» Work to be completed: Could you return all of the entries below exactly, minus the pictures?
Data under study START
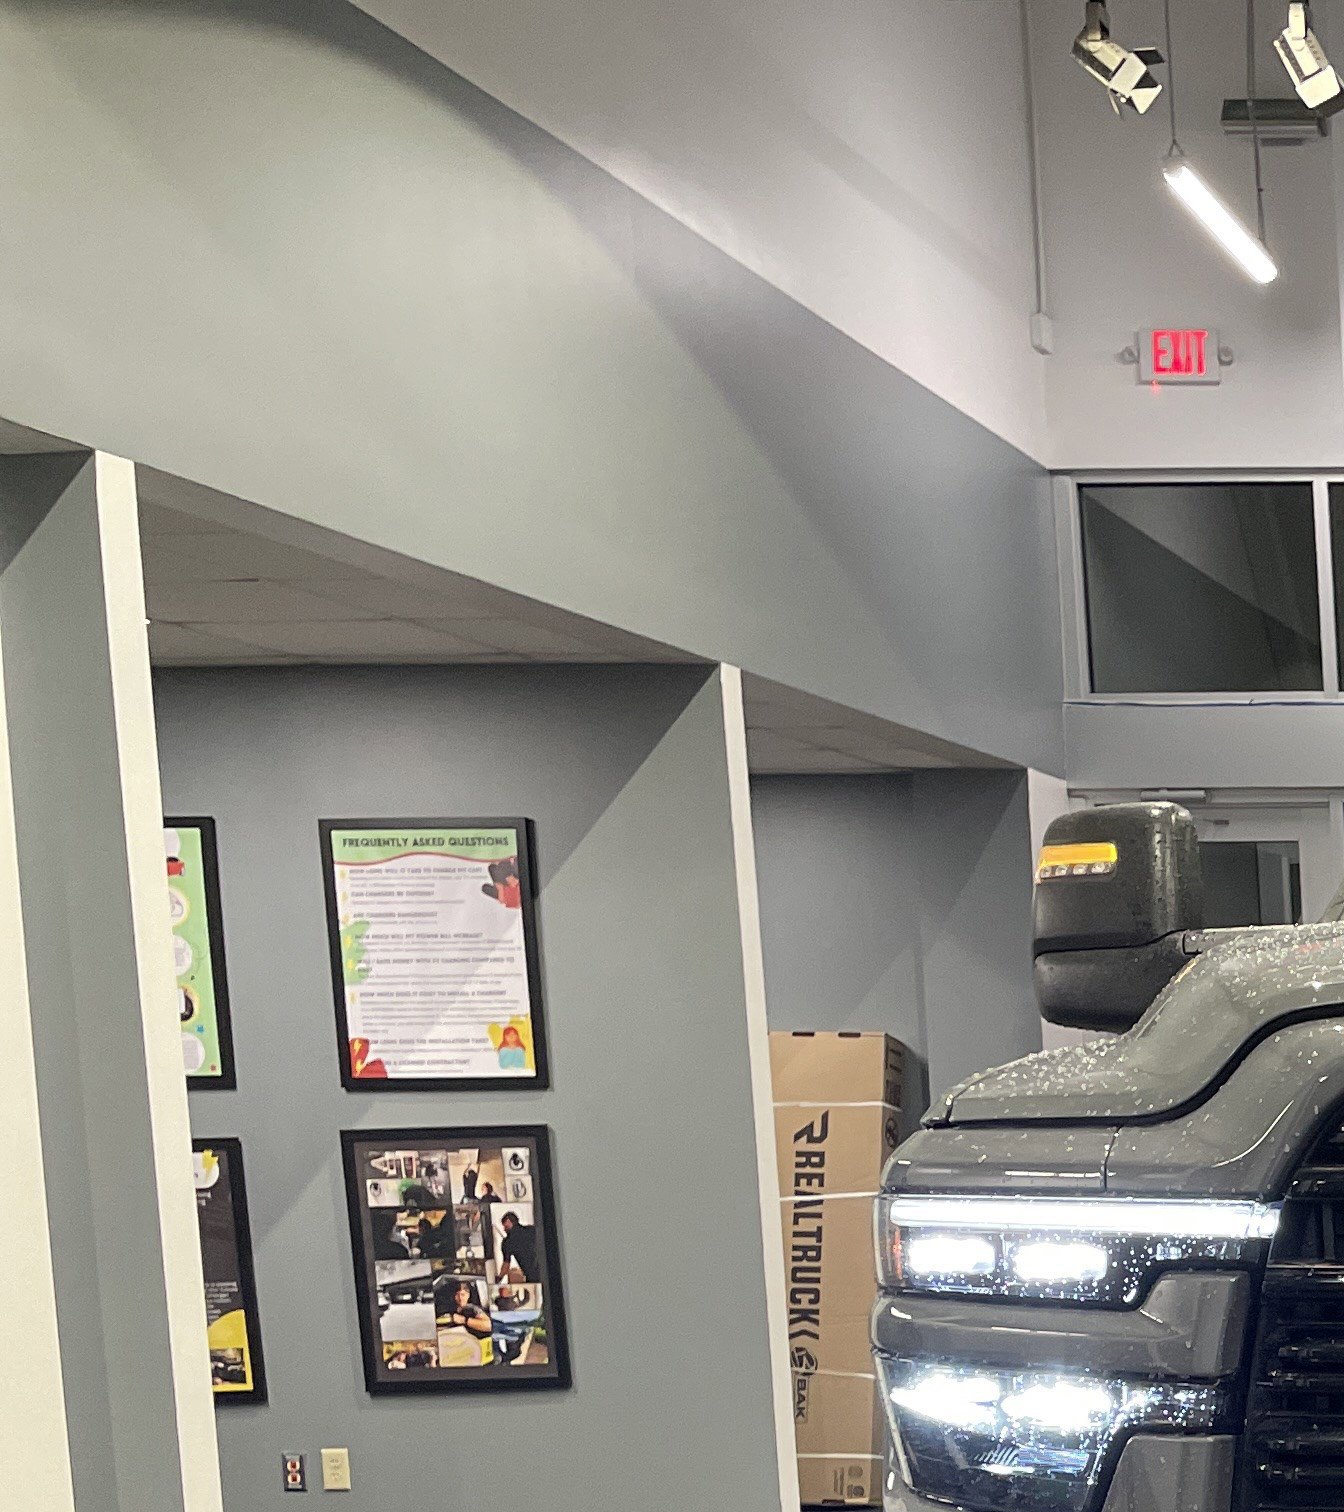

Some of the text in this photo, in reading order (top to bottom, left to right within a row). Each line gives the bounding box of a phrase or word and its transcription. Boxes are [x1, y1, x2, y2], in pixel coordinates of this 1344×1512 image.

[1152, 329, 1208, 375] EXIT
[342, 836, 510, 848] FREQUENTLY ASKED QUESTIONS
[788, 1150, 825, 1327] REALTRUCK
[795, 1378, 807, 1418] BAK
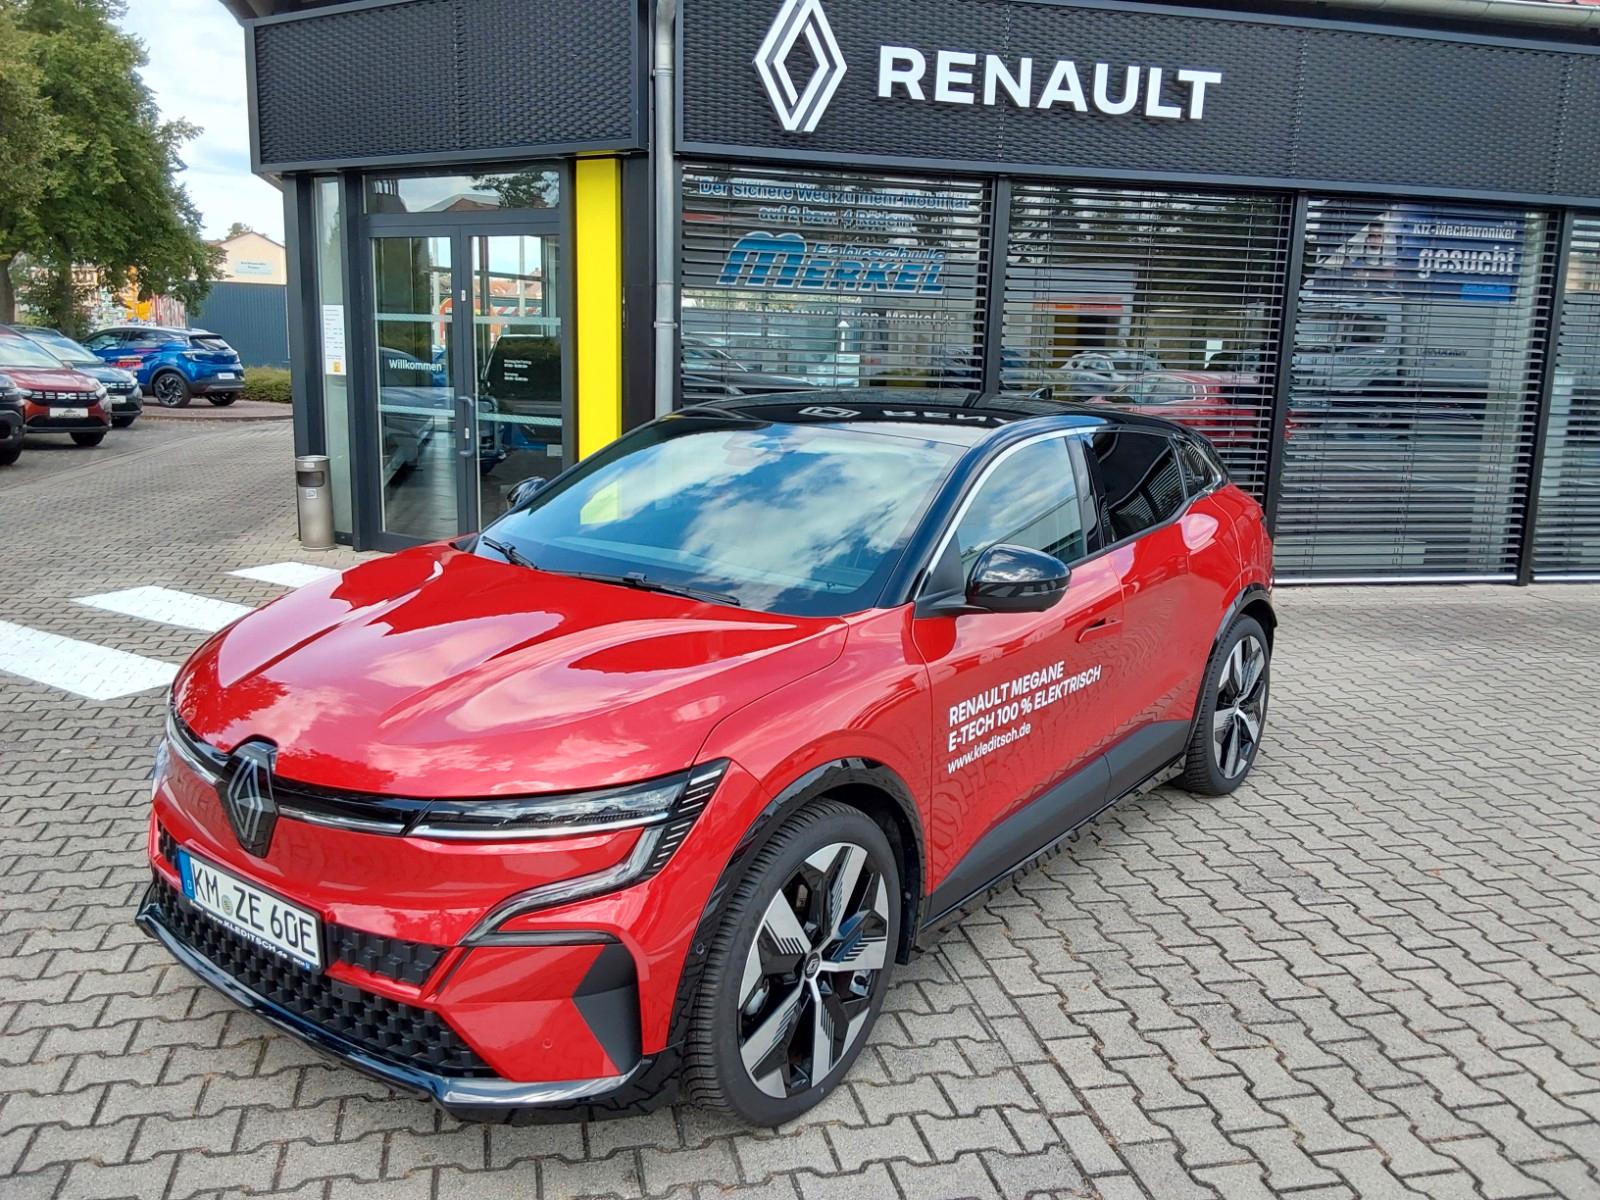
Data under study END
» Task solution:
Some of the text in this photo, in reading order (top to bottom, left to right within a row). Each line gives the bounding box of a phrase or word and its transcription. Boxes are [x1, y1, x2, y2], in pixel coordinates of this 1344×1512 image.

[1152, 329, 1208, 375] EXIT
[342, 836, 510, 848] FREQUENTLY ASKED QUESTIONS
[788, 1150, 825, 1327] REALTRUCK
[795, 1378, 807, 1418] BAK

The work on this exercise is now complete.